Agriculture and food
The food, agricultural and scientific communities really failed to communicate the benefits of GMOs. And why they insisted on such a literal name--genetically modified organism--I will never know.
When legitimate information started to hit major news outlets, the conversation was already overwhelmed by fear, leaving little room for meaningful information to influence people.
GMOs pose no inherent risk to humans (it’s basically an accelerated form of natural selection), and they will be critical in the current and coming fights against food insecurity and climate change.
But now they face an uphill battle to public acceptance.
Some scientists think that CRISPR will be a more palatable concept, but I have my doubts--it’s still a complex technological process that may disturb the public.
CRISPR doesn’t entail putting foreign DNA into crops, but will instead modify existing genomes to improve resilience to drought, storms, extreme heat and other conditions as well as increase nutrient profiles.
Soybeans, potatoes and rice have already been enhanced.
Scientists will also be able to remove the allergens from foods like peanuts.
These advances could hugely improve food security around the world, and thus give a major lift to people facing extreme poverty.
Trees might just be the best things on Earth--they allow us to live, provide us with food and are beautiful.
In addition to humans cutting down billions and billions of trees, pests also devastate forests.
For instance, rising temperatures and extended warm seasons in North America have allowed Pine Beetles to thrive. Now, these bugs are devouring pine forests all across the Western US and Canada.
CRISPR will allow scientists to remove certain genes that attract pests and activate others that protect against them.
I had bacon over the weekend. It was very tasty. I, like many other people, have no problem eating what’s inside a pig (not every day of course).
But would I let a pig be a part of me? Would I become part pig?

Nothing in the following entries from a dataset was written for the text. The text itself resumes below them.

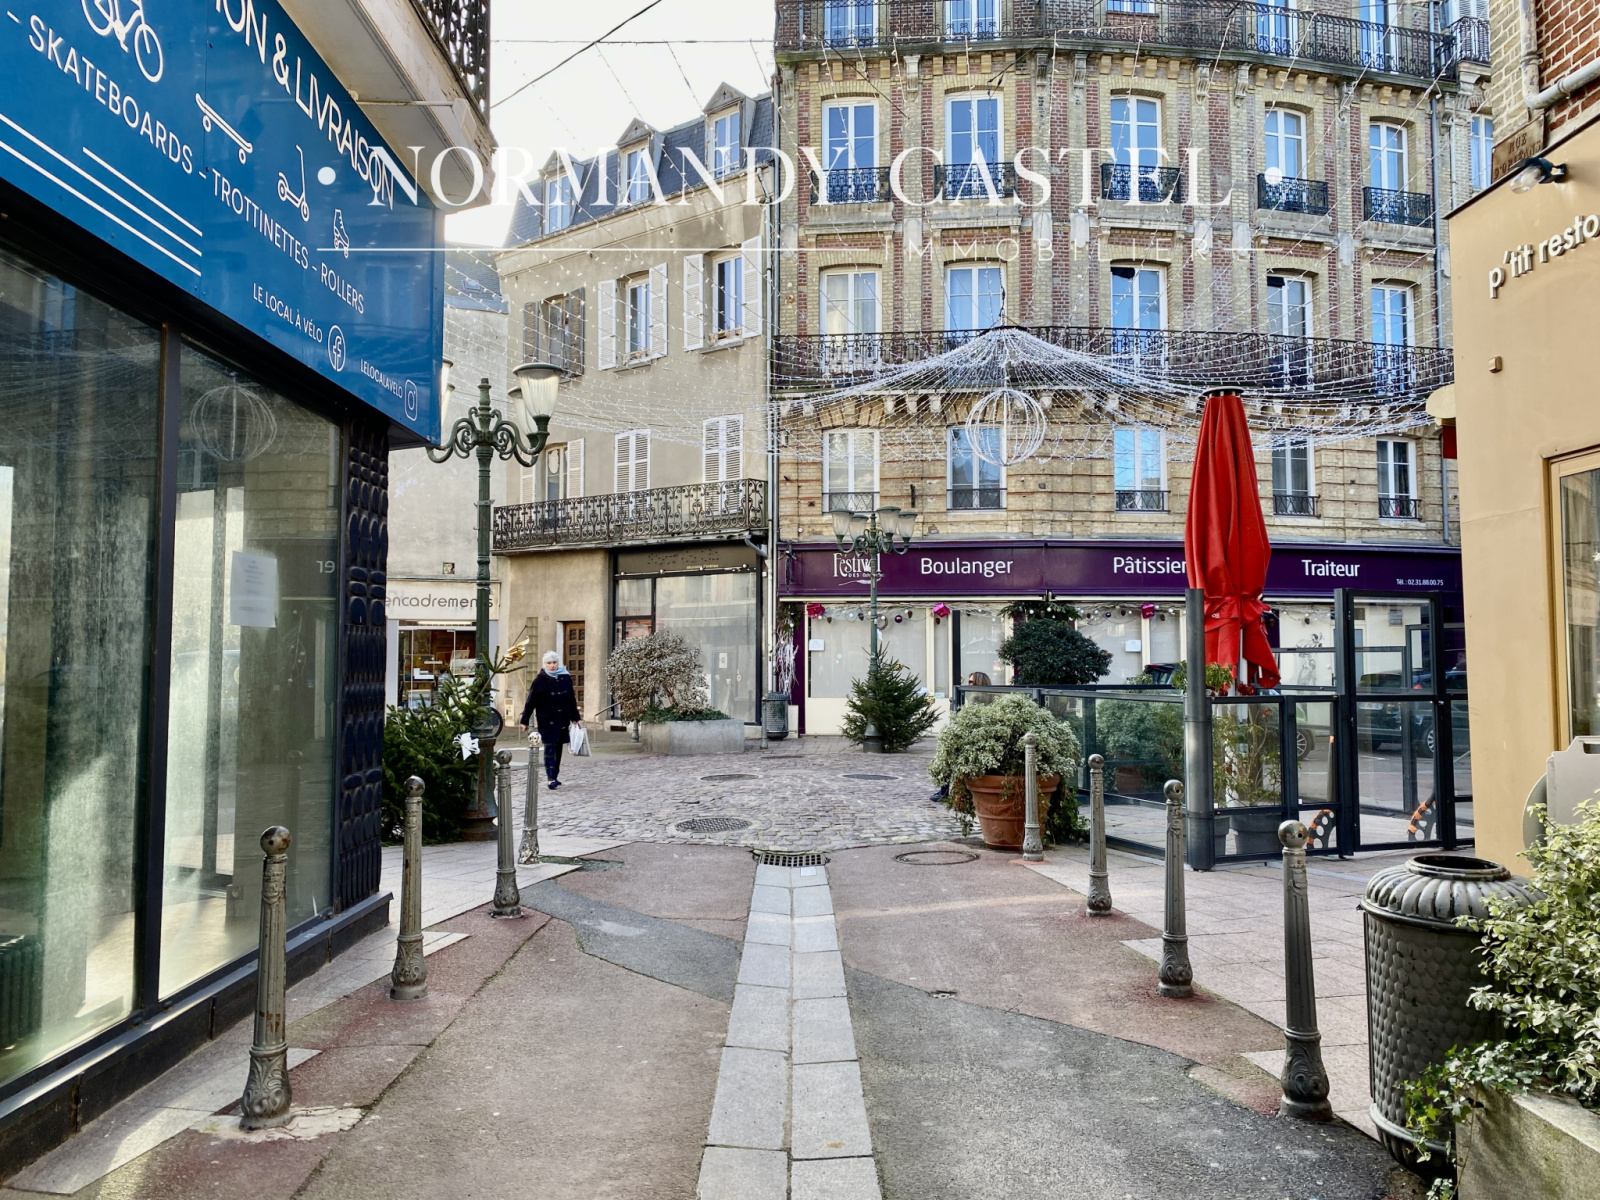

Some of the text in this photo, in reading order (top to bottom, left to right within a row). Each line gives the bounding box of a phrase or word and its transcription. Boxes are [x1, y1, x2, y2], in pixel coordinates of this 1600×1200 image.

[215, 0, 393, 210] ON & LIVRAISON
[29, 15, 193, 174] SKATEBOARDS
[212, 168, 309, 270] TROTTINETTES
[321, 262, 364, 314] ROLLERS
[1488, 214, 1600, 299] p'tit resto
[253, 282, 263, 304] LE
[265, 291, 294, 325] LOCAL
[295, 308, 302, 328] À
[303, 318, 323, 343] VÉLO
[360, 358, 403, 399] LELOCALAVELO
[832, 552, 881, 577] Festivl
[921, 556, 1361, 578] Boulanger Pâtissier Traiteur
[384, 593, 494, 608] encadremens

Scientists have long wanted to use pig organs to end the perpetual shortage of human organs. Normally, a person has to wait a very long time before an acceptable organ becomes available.

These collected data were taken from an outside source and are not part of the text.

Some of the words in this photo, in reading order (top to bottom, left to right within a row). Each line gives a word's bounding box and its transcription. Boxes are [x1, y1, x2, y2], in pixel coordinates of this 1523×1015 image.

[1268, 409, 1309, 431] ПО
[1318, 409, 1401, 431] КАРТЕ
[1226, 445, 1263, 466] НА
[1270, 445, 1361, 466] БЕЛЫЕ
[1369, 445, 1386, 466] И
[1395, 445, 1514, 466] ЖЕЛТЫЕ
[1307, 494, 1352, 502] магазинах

Pigs have organs that are similar to a human’s, but pig DNA is filled with retroviruses that would infect a human upon transplant.
CRISPR allows scientists to get rid of these viruses, theoretically opening the door to an abundance of safe organs. This could drastically cut down on the black market trade for organs that preys on people in poverty.
Super bacteria is scary stuff. I’ve previously written about the fears of a post-antibiotic era, a time when antibiotics no longer work against bacterial infections.
The prevalence of superbugs is rising each year and the prospect of developing stronger antibiotics is still a distant prospect.
But CRISPR could help in devising new ways of treating antibiotic resistant bacteria.
783 million people around the world do not have access to clean water. Oftentimes, people contract preventable diseases from contaminated water that can kill them or leave them in horrible health.
CRISPR can help develop enzymes that can effectively and cheaply treat water. Solving the water crisis is a key to ending extreme poverty.
Humanity is desperately searching for alternatives to fossil fuels. So far, biofuels have been inefficient: they cause too much farmland to be occupied, they are difficult to process, expensive and still pollute the atmosphere.
Some scientists hope that CRISPR will once again make biofuels promising.
These are just some of the most widely discussed potential uses for CRISPR. The full range of possibilities are far and wide.
Of course, serious caution has to be used. The ethics of gene-editing have to be thoroughly considered and when guidelines are established they have to be followed.
I’m not enthusiastic about CRISPR drastically altering the human genome. The idea of significantly changing the human condition is eerie.
But CRISPR seems like it could be a tool to reduce extreme poverty and close the global gap of inequality. That is something I can get behind.